-
PDF
- Split View
-
Views
-
Cite
Cite
Christophe Gauld, Kévin Ouazzani, Jean-Arthur Micoulaud-Franchi, To split or to lump? Classifying the central disorders of hypersomnolence: sleep split requires epistemological tools and systematic data-driven conceptual analysis, Sleep, Volume 43, Issue 9, September 2020, zsaa091, https://doi.org/10.1093/sleep/zsaa091
- Share Icon Share
The article entitled “To split or to lump? Classifying the central disorders of hypersomnolence” by Fronczek et al., published in the journal Sleep in March 2020 [1], proposes a new classification for Central Disorders of Hypersomnolence (CDH) purported to be based on current scientific evidence and going a step beyond the International Classification of Sleep Disorders (ICSD-3). The authors suggest that both “narcolepsy with cataplexy” and “idiopathic hypersomnia with long sleep time” could be considered as separate entities (splitting process), and that “narcolepsy without cataplexy” and “idiopathic hypersomnia without long sleep time” could be combined into a unique disorder (lumping process). This is an important contribution on a subject much debated in the scientific community, due to the absence of robust classification in the context of hypersomnolence. However, the construction of a classification requires solid theoretical, epistemological, and methodological tools that have been developed in the field of medical classification for more than 30 years and should not be overlooked [2]. We would like to make a conceptual contribution to this debate in order to avoid some of the pitfalls involved in classifying pathologies. We propose an analysis of the mooted classification that, in our opinion, should be based on both a solid theoretical/epistemological framework and a rigorous data-driven methodology.

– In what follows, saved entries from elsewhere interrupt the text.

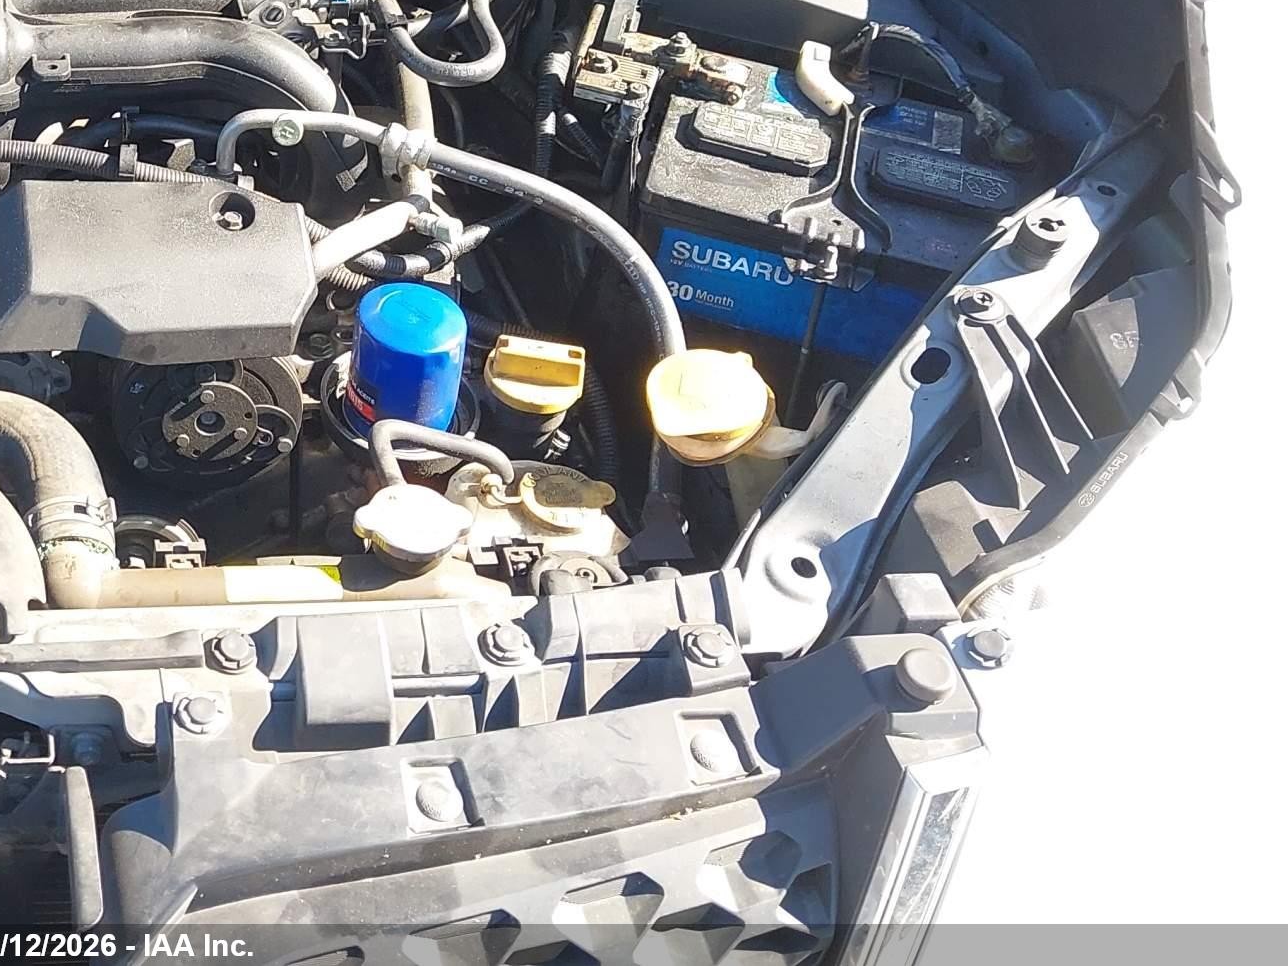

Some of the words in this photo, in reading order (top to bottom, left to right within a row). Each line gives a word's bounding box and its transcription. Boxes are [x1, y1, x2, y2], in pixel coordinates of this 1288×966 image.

[671, 240, 794, 286] SUBARU
[695, 288, 735, 308] Month
[1090, 451, 1129, 494] SUBARU
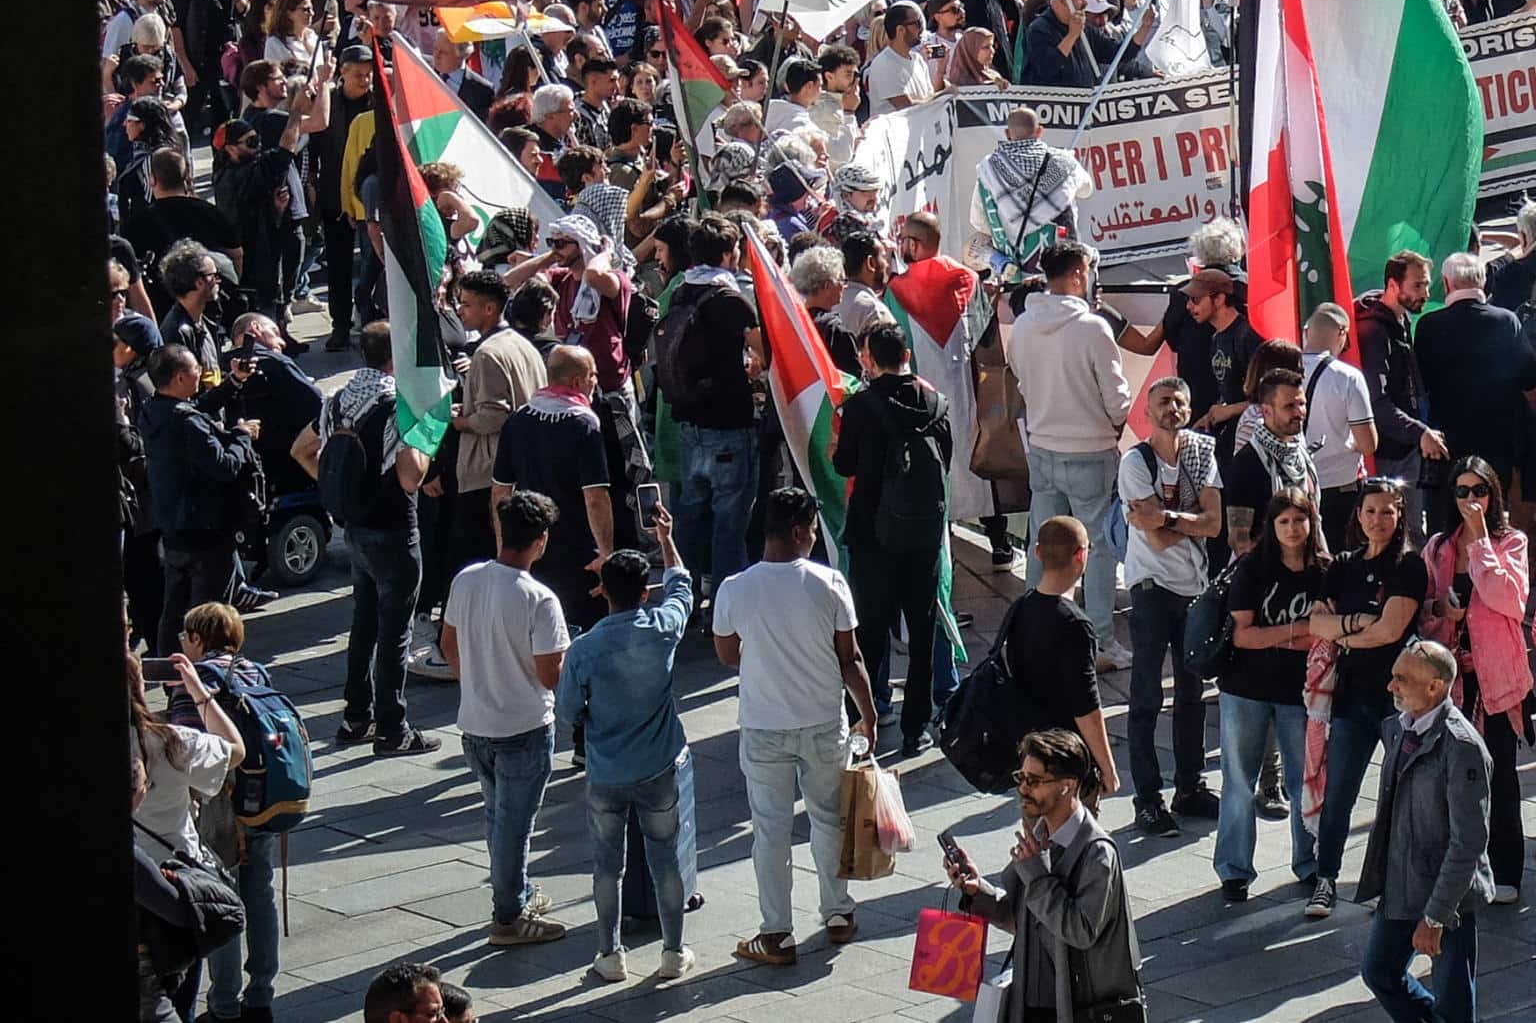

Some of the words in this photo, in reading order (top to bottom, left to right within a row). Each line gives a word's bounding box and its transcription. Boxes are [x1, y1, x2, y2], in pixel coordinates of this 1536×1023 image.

[986, 102, 1081, 126] MONI
[1090, 93, 1180, 123] NISTA
[1183, 82, 1238, 111] SE
[1152, 136, 1169, 181] I

Theoretical and Epistemological Framework for Sleep Disorder Classification
Fronczek et al. propose splitting or lumping the diagnostic entities, a process well known in epistemology and theoretical science for a century and a half and first suggested by Darwin in a letter to Hooker in 1857 (“It is good to have hair-splitters and lumpers”) [3]. Splitting and lumping are basically strategies for producing scientific taxonomies. These concepts have been used widely in the field of biology and have been proposed in medicine to answer the question: what is the methodology for grouping (i.e. lumping) or separating (i.e. splitting) classes of medical conditions?

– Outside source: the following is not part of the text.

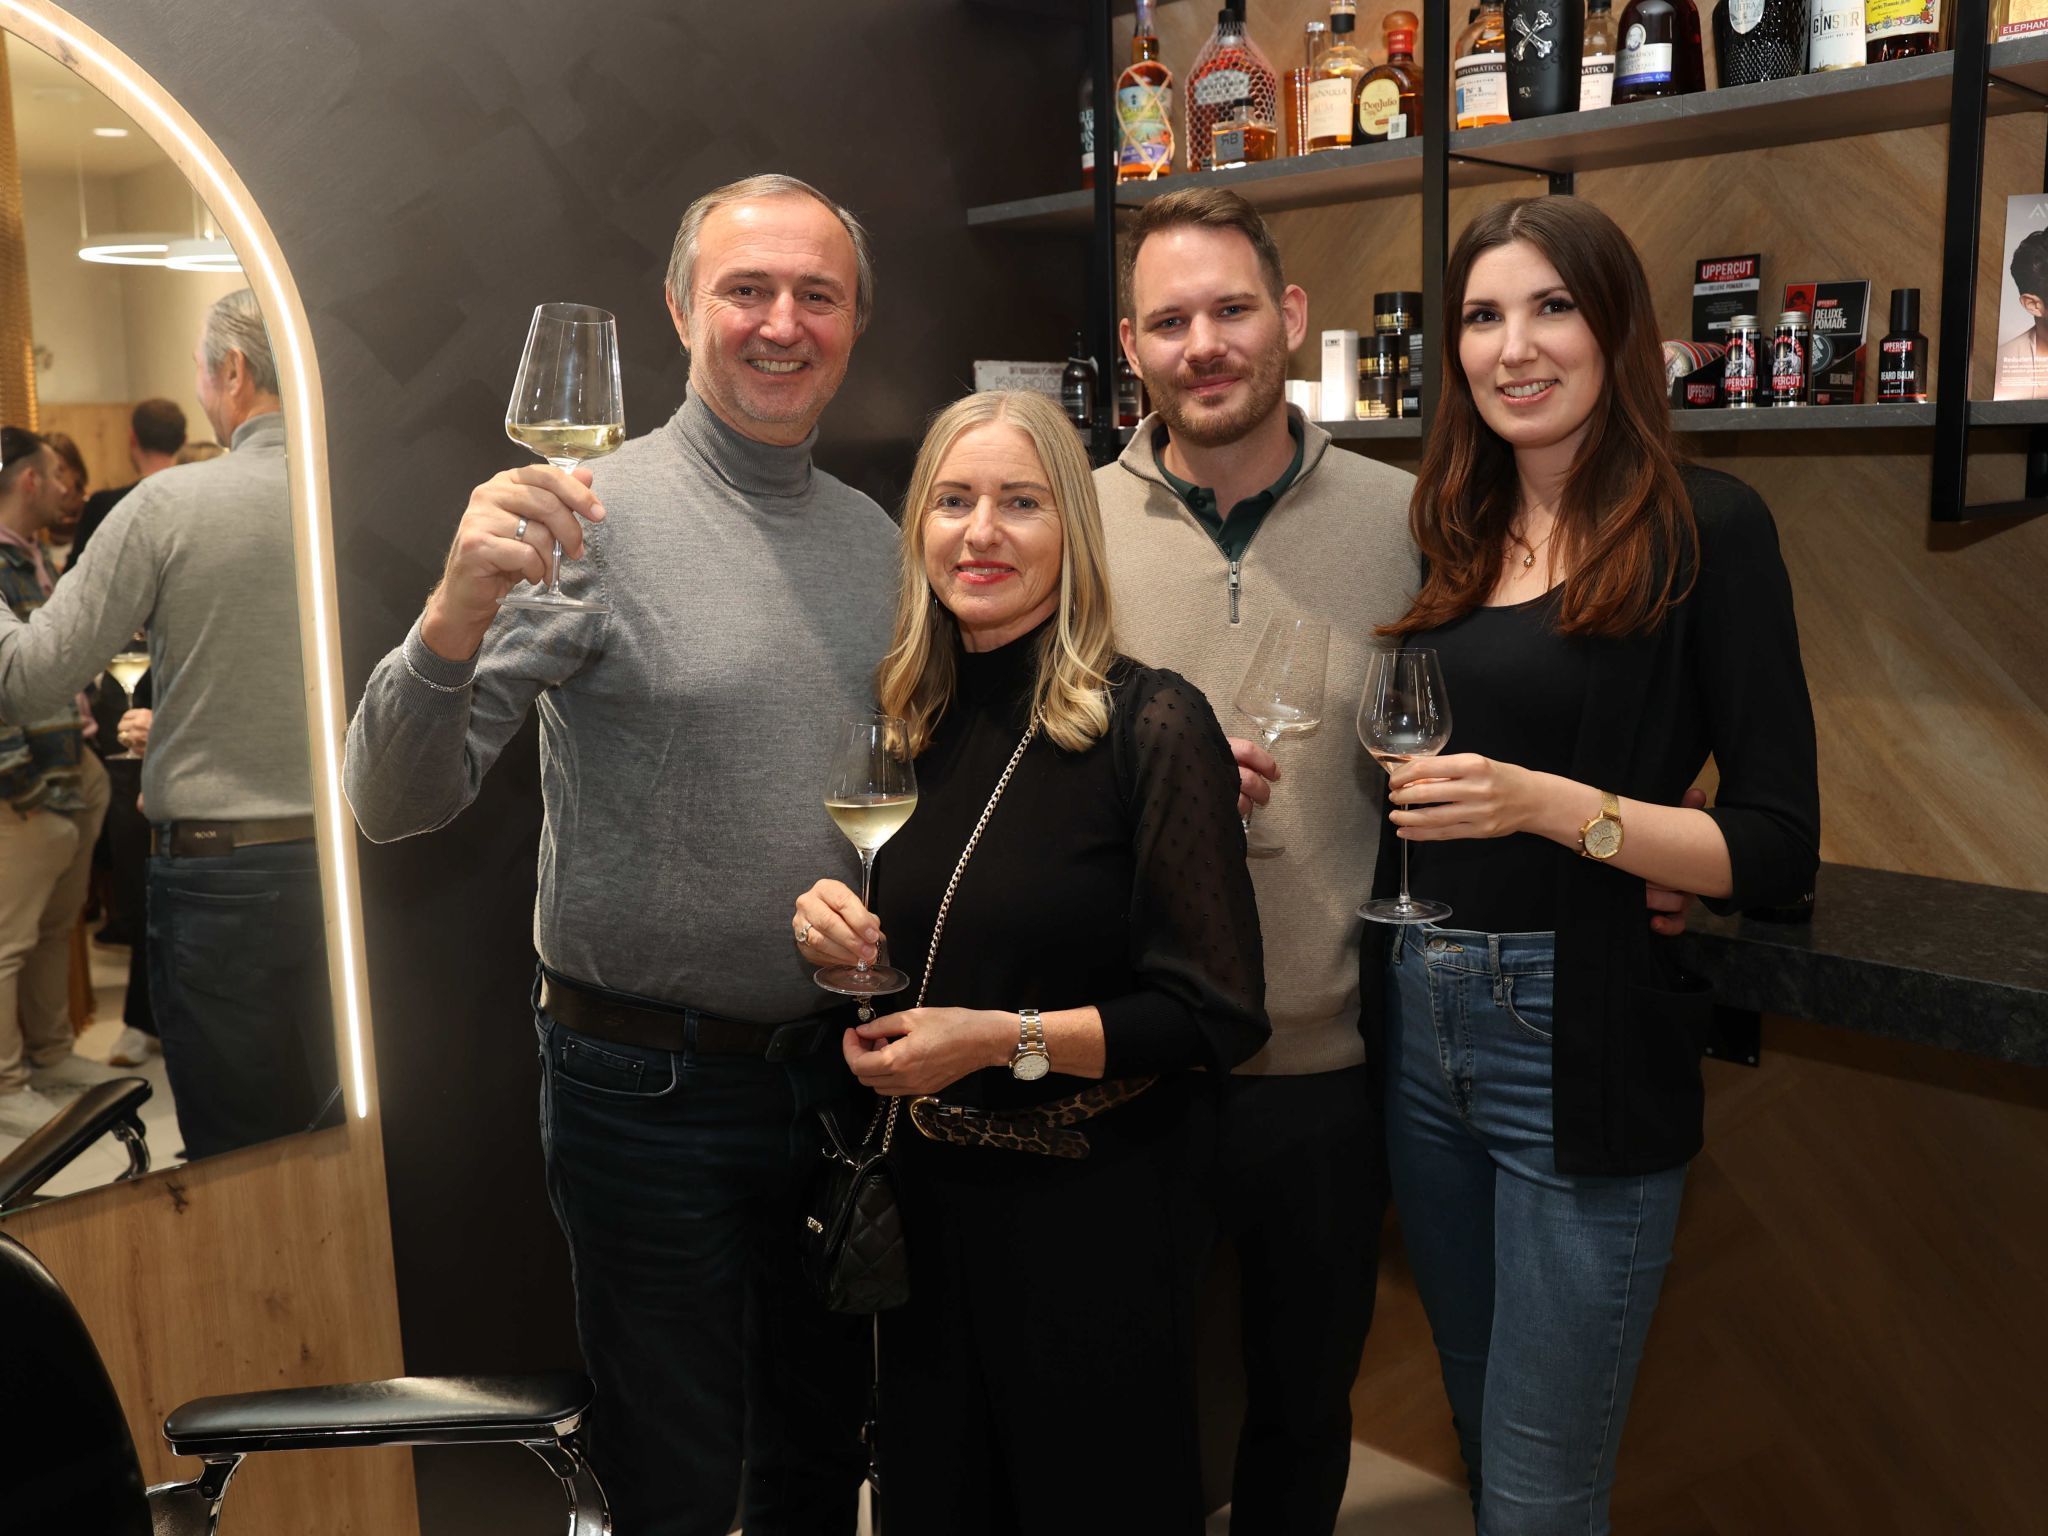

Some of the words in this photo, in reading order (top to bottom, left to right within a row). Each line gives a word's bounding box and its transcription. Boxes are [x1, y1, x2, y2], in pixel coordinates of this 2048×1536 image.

Splitting and lumping are based on the premise that the world is organized in structures. However, entities are similar to or distinct from one another in many ways. Classically, epistemology serves to enlighten the process of classification and is underpinned by the concepts of “natural kind” and “practical kind.” “Natural kind” supposes regularities in phenomena that exist, irrespective of our wishes or preferences. Natural kinds can be defined by identifying biological anomalies. Fronczek et al. split narcolepsy with cataplexy (type 1), because this kind of pathology can be defined by biological anomalies that cause them, such as a lack of orexin. Thus, the split of narcolepsy with cataplexy is conceptually justified because this type of narcolepsy can be considered as a “natural kind” with a precise mechanistic structure. However, current scientific evidence does not substantiate such a mechanistic bottleneck biological marker for other CDH, so classification of this kind remains a challenge. The epistemology of classification provides two theoretical frameworks to meet such a challenge.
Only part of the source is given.